◆ **What to work on**: Print all the records below, word for word and in full.

-- Data shown follows --

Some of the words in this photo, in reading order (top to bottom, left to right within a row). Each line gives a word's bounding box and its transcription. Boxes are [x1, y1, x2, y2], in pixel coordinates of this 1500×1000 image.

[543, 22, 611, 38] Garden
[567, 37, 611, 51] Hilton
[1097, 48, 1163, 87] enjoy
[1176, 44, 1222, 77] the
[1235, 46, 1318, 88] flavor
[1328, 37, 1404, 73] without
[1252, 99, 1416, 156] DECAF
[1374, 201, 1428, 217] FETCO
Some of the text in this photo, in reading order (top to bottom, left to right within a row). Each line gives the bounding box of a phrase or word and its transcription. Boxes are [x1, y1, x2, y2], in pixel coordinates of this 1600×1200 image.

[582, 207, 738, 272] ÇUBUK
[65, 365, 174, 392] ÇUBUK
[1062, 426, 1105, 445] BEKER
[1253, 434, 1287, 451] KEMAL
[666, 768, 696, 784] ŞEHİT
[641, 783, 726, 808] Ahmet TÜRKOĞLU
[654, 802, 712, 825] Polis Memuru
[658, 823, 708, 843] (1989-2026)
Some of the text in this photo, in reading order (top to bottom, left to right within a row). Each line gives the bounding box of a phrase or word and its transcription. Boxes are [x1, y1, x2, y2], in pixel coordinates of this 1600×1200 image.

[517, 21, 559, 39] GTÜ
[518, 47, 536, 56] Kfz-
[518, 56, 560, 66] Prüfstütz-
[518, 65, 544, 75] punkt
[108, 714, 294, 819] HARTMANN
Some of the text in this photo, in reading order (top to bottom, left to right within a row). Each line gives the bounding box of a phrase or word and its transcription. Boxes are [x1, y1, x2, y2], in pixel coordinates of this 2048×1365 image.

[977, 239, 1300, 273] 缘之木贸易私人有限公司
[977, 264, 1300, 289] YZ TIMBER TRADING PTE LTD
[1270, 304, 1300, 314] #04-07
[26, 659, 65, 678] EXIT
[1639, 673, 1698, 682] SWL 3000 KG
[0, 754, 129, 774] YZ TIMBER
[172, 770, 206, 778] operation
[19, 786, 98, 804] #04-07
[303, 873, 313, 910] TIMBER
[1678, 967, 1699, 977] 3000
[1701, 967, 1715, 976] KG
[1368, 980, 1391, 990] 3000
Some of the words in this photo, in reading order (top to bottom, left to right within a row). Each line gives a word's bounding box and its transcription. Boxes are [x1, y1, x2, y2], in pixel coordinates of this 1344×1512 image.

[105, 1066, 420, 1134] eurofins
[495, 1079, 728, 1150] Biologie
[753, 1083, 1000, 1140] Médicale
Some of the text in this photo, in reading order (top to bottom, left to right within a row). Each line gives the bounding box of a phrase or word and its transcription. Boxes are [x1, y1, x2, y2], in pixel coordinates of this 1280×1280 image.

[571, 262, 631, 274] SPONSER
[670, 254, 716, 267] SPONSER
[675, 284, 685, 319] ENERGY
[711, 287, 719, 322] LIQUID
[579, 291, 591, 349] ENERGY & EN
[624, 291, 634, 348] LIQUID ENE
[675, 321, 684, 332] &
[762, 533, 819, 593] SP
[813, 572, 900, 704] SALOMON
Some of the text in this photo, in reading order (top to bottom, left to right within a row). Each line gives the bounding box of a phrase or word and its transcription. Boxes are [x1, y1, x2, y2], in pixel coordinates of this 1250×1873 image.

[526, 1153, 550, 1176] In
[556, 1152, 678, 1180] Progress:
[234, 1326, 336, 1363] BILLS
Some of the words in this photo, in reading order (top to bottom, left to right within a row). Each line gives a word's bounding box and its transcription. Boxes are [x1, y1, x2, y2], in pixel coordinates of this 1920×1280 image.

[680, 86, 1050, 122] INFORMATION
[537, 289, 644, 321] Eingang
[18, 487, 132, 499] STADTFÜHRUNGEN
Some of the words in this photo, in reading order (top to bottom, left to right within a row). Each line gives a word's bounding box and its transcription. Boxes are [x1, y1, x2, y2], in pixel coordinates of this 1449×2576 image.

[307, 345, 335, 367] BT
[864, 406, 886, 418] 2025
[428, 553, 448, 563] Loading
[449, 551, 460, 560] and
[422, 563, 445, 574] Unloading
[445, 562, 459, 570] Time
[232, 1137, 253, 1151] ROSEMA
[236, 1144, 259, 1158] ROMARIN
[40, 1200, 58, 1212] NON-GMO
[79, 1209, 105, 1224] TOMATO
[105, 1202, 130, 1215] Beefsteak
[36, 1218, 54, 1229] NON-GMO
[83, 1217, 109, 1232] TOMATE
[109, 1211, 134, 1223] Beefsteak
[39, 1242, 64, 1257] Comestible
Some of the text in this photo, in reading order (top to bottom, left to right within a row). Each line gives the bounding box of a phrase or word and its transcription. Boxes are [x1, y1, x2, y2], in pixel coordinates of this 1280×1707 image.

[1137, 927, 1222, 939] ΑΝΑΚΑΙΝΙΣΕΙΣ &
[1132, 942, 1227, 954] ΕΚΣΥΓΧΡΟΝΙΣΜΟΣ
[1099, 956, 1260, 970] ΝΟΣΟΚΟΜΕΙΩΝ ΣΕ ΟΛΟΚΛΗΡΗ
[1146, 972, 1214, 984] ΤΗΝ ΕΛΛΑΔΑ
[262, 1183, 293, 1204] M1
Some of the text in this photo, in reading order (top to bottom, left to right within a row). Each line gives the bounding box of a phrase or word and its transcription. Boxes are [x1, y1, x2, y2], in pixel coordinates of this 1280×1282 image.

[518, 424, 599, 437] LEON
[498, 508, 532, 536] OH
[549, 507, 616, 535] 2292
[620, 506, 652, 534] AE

-- Data shown concluded --

◆ **Result for this task**:
Some of the words in this photo, in reading order (top to bottom, left to right within a row). Each line gives a word's bounding box and its transcription. Boxes are [x1, y1, x2, y2], in pixel coordinates of this 1500×1000 image.

[543, 22, 611, 38] Garden
[567, 37, 611, 51] Hilton
[1097, 48, 1163, 87] enjoy
[1176, 44, 1222, 77] the
[1235, 46, 1318, 88] flavor
[1328, 37, 1404, 73] without
[1252, 99, 1416, 156] DECAF
[1374, 201, 1428, 217] FETCO
Some of the text in this photo, in reading order (top to bottom, left to right within a row). Each line gives the bounding box of a phrase or word and its transcription. Boxes are [x1, y1, x2, y2], in pixel coordinates of this 1600×1200 image.

[582, 207, 738, 272] ÇUBUK
[65, 365, 174, 392] ÇUBUK
[1062, 426, 1105, 445] BEKER
[1253, 434, 1287, 451] KEMAL
[666, 768, 696, 784] ŞEHİT
[641, 783, 726, 808] Ahmet TÜRKOĞLU
[654, 802, 712, 825] Polis Memuru
[658, 823, 708, 843] (1989-2026)
Some of the text in this photo, in reading order (top to bottom, left to right within a row). Each line gives the bounding box of a phrase or word and its transcription. Boxes are [x1, y1, x2, y2], in pixel coordinates of this 1600×1200 image.

[517, 21, 559, 39] GTÜ
[518, 47, 536, 56] Kfz-
[518, 56, 560, 66] Prüfstütz-
[518, 65, 544, 75] punkt
[108, 714, 294, 819] HARTMANN
Some of the text in this photo, in reading order (top to bottom, left to right within a row). Each line gives the bounding box of a phrase or word and its transcription. Boxes are [x1, y1, x2, y2], in pixel coordinates of this 2048×1365 image.

[977, 239, 1300, 273] 缘之木贸易私人有限公司
[977, 264, 1300, 289] YZ TIMBER TRADING PTE LTD
[1270, 304, 1300, 314] #04-07
[26, 659, 65, 678] EXIT
[1639, 673, 1698, 682] SWL 3000 KG
[0, 754, 129, 774] YZ TIMBER
[172, 770, 206, 778] operation
[19, 786, 98, 804] #04-07
[303, 873, 313, 910] TIMBER
[1678, 967, 1699, 977] 3000
[1701, 967, 1715, 976] KG
[1368, 980, 1391, 990] 3000
Some of the words in this photo, in reading order (top to bottom, left to right within a row). Each line gives a word's bounding box and its transcription. Boxes are [x1, y1, x2, y2], in pixel coordinates of this 1344×1512 image.

[105, 1066, 420, 1134] eurofins
[495, 1079, 728, 1150] Biologie
[753, 1083, 1000, 1140] Médicale
Some of the text in this photo, in reading order (top to bottom, left to right within a row). Each line gives the bounding box of a phrase or word and its transcription. Boxes are [x1, y1, x2, y2], in pixel coordinates of this 1280×1280 image.

[571, 262, 631, 274] SPONSER
[670, 254, 716, 267] SPONSER
[675, 284, 685, 319] ENERGY
[711, 287, 719, 322] LIQUID
[579, 291, 591, 349] ENERGY & EN
[624, 291, 634, 348] LIQUID ENE
[675, 321, 684, 332] &
[762, 533, 819, 593] SP
[813, 572, 900, 704] SALOMON
Some of the text in this photo, in reading order (top to bottom, left to right within a row). Each line gives the bounding box of a phrase or word and its transcription. Boxes are [x1, y1, x2, y2], in pixel coordinates of this 1250×1873 image.

[526, 1153, 550, 1176] In
[556, 1152, 678, 1180] Progress:
[234, 1326, 336, 1363] BILLS
Some of the words in this photo, in reading order (top to bottom, left to right within a row). Each line gives a word's bounding box and its transcription. Boxes are [x1, y1, x2, y2], in pixel coordinates of this 1920×1280 image.

[680, 86, 1050, 122] INFORMATION
[537, 289, 644, 321] Eingang
[18, 487, 132, 499] STADTFÜHRUNGEN
Some of the words in this photo, in reading order (top to bottom, left to right within a row). Each line gives a word's bounding box and its transcription. Boxes are [x1, y1, x2, y2], in pixel coordinates of this 1449×2576 image.

[307, 345, 335, 367] BT
[864, 406, 886, 418] 2025
[428, 553, 448, 563] Loading
[449, 551, 460, 560] and
[422, 563, 445, 574] Unloading
[445, 562, 459, 570] Time
[232, 1137, 253, 1151] ROSEMA
[236, 1144, 259, 1158] ROMARIN
[40, 1200, 58, 1212] NON-GMO
[79, 1209, 105, 1224] TOMATO
[105, 1202, 130, 1215] Beefsteak
[36, 1218, 54, 1229] NON-GMO
[83, 1217, 109, 1232] TOMATE
[109, 1211, 134, 1223] Beefsteak
[39, 1242, 64, 1257] Comestible
Some of the text in this photo, in reading order (top to bottom, left to right within a row). Each line gives the bounding box of a phrase or word and its transcription. Boxes are [x1, y1, x2, y2], in pixel coordinates of this 1280×1707 image.

[1137, 927, 1222, 939] ΑΝΑΚΑΙΝΙΣΕΙΣ &
[1132, 942, 1227, 954] ΕΚΣΥΓΧΡΟΝΙΣΜΟΣ
[1099, 956, 1260, 970] ΝΟΣΟΚΟΜΕΙΩΝ ΣΕ ΟΛΟΚΛΗΡΗ
[1146, 972, 1214, 984] ΤΗΝ ΕΛΛΑΔΑ
[262, 1183, 293, 1204] M1
Some of the text in this photo, in reading order (top to bottom, left to right within a row). Each line gives the bounding box of a phrase or word and its transcription. Boxes are [x1, y1, x2, y2], in pixel coordinates of this 1280×1282 image.

[518, 424, 599, 437] LEON
[498, 508, 532, 536] OH
[549, 507, 616, 535] 2292
[620, 506, 652, 534] AE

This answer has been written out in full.